9,941 books28.9k followers
The name Poe brings to mind images of murderers and madmen, premature burials, and mysterious women who return from the dead. His works have been in print since 1827 and include such literary classics as The Tell-Tale Heart, The Raven, and The Fall of the House of Usher. This versatile writer’s oeuvre includes short stories, poetry, a novel, a textbook, a book of scientific theory, and hundreds of essays and book reviews. He is widely acknowledged as the inventor of the modern detective story and an innovator in the science fiction genre, but he made his living as America’s first great literary critic and theoretician. Poe’s reputation today rests primarily on his tales of terror as well as on his haunting lyric poetry.

Just as the bizarre characters in Poe’s stories have captured the public imagination so too has Poe himself. He is seen as a morbid, mysterious figure lurking in the shadows of moonlit cemeteries or crumbling castles. This is the Poe of legend. But much of what we know about Poe is wrong, the product of a biography written by one of his enemies in an attempt to defame the author’s name.

The real Poe was born to traveling actors in Boston on January 19, 1809. Edgar was the second of three children.

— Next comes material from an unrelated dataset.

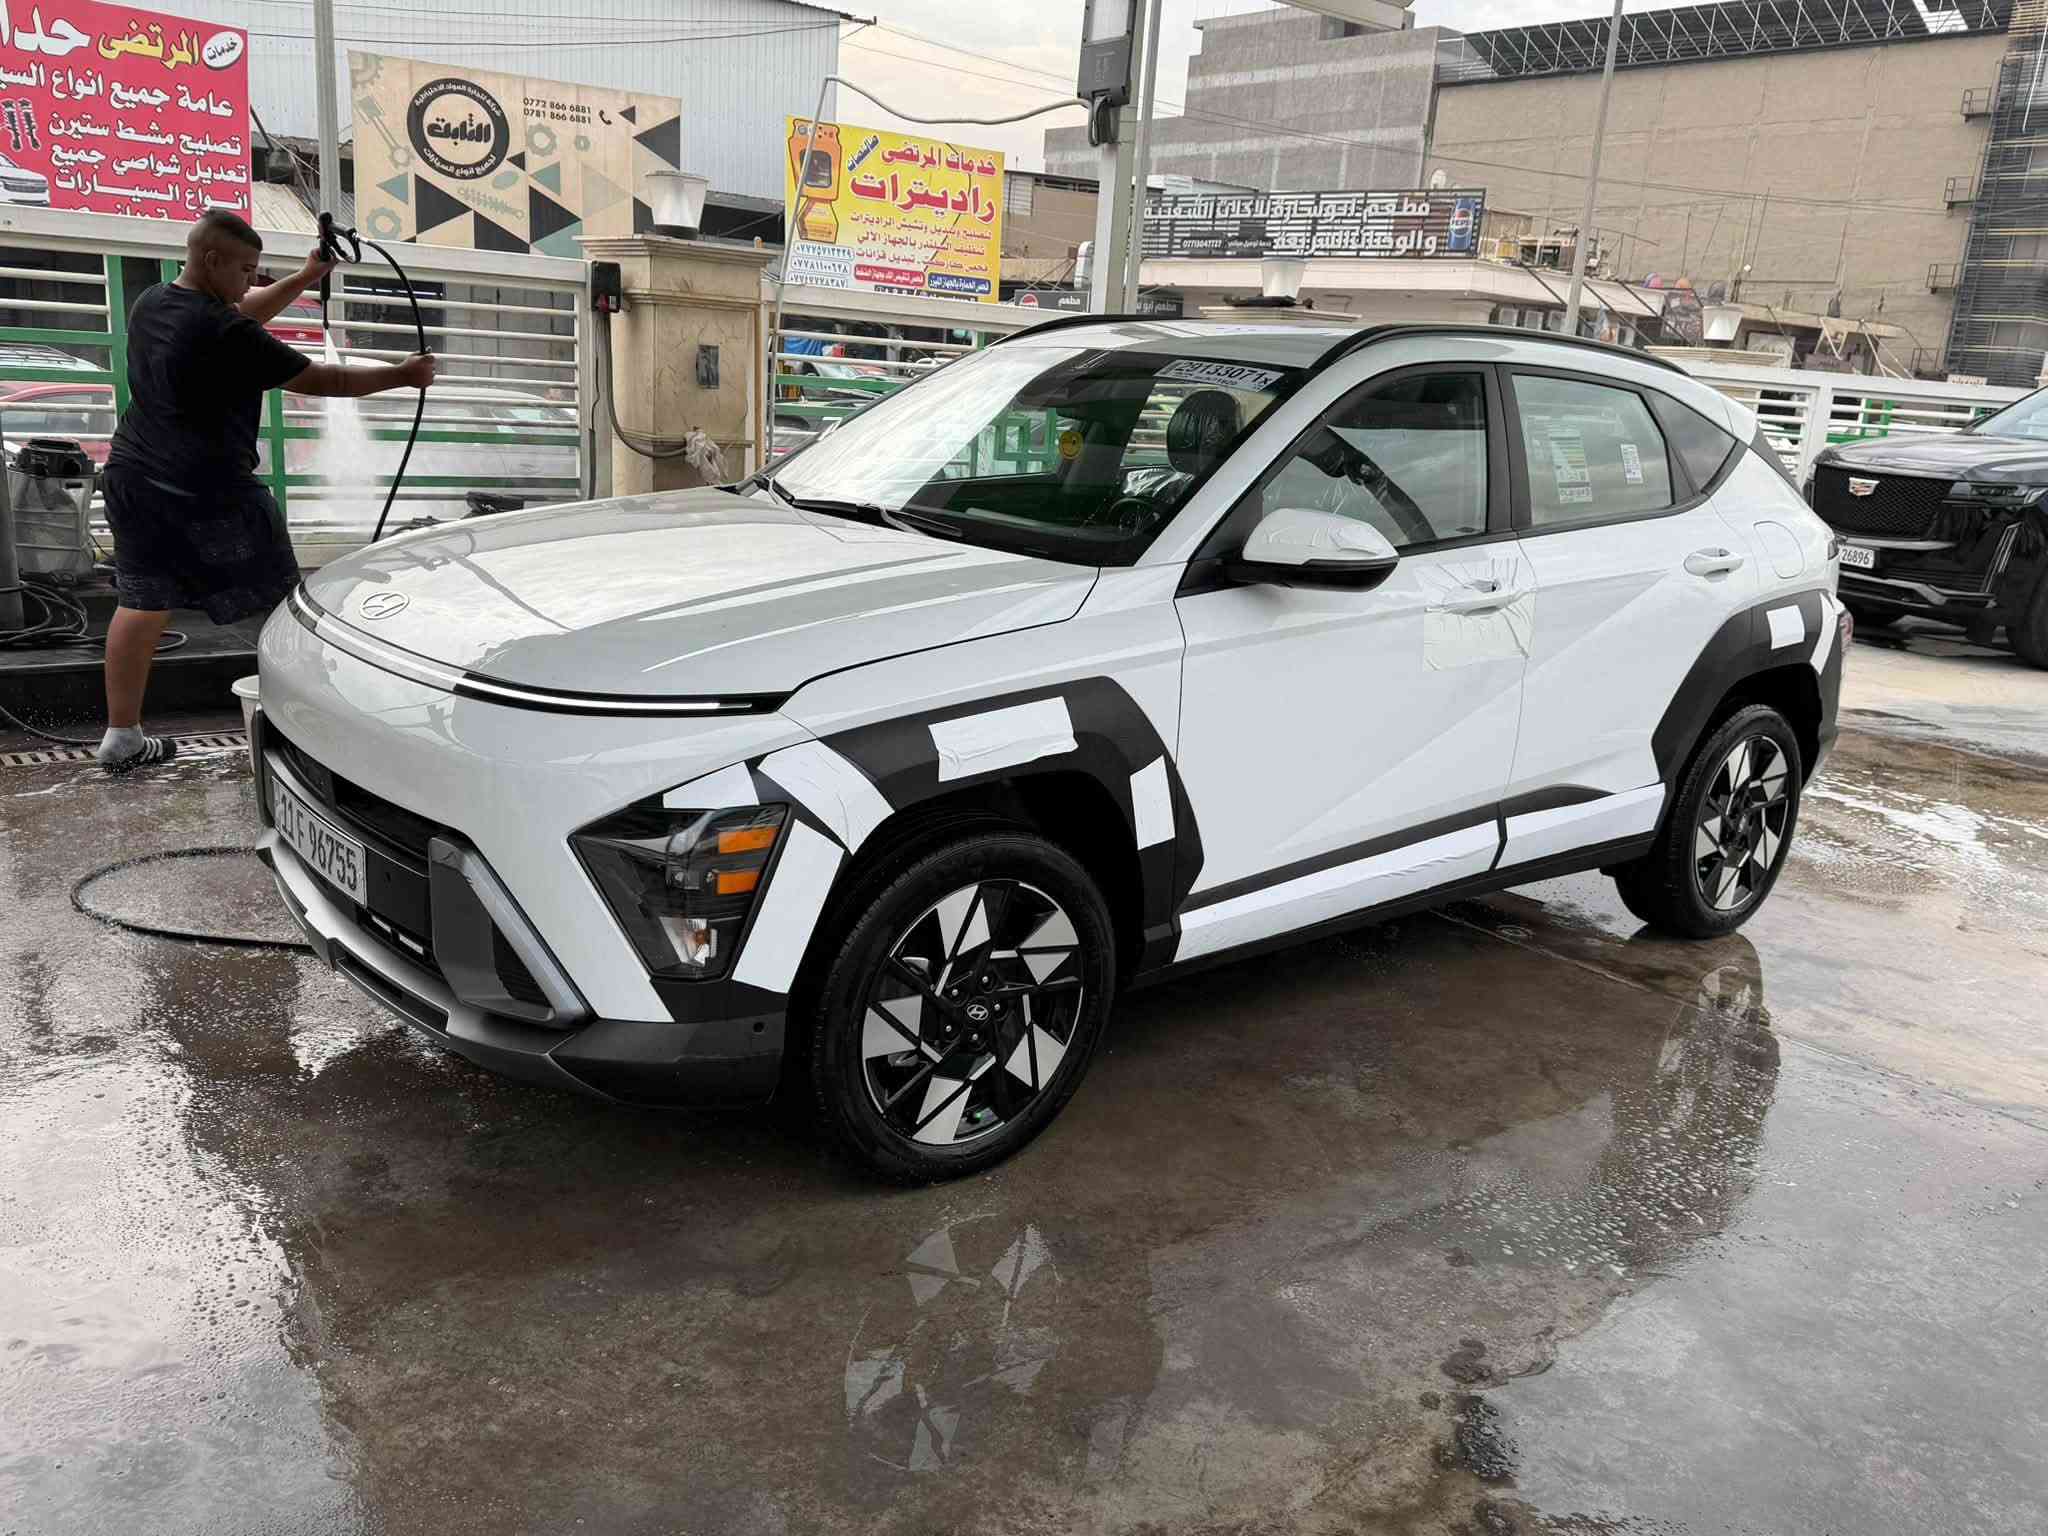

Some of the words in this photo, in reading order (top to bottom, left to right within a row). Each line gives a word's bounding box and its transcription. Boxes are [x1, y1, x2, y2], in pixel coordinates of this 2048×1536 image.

His other brother William Henry Leonard Poe would also become a poet before his early death, and Poe’s sister Rosalie Poe would grow up to teach penmanship at a Richmond girls’ school. Within three years of Poe’s birth both of his parents had died, and he was taken in by the wealthy tobacco merchant John Allan and his wife Frances Valentine Allan in Richmond, Virginia while Poe’s siblings went to live with other families. Mr. Allan would rear Poe to be a businessman and a Virginia gentleman, but Poe had dreams of being a writer in emulation of his childhood hero the British poet Lord Byron. Early poetic verses found written in a young Poe’s handwriting on the backs of Allan’s ledger sheets reveal how little interest Poe had in the tobacco business.

For more information, please see http://en.wikipedia.org/wiki/Edgar_al...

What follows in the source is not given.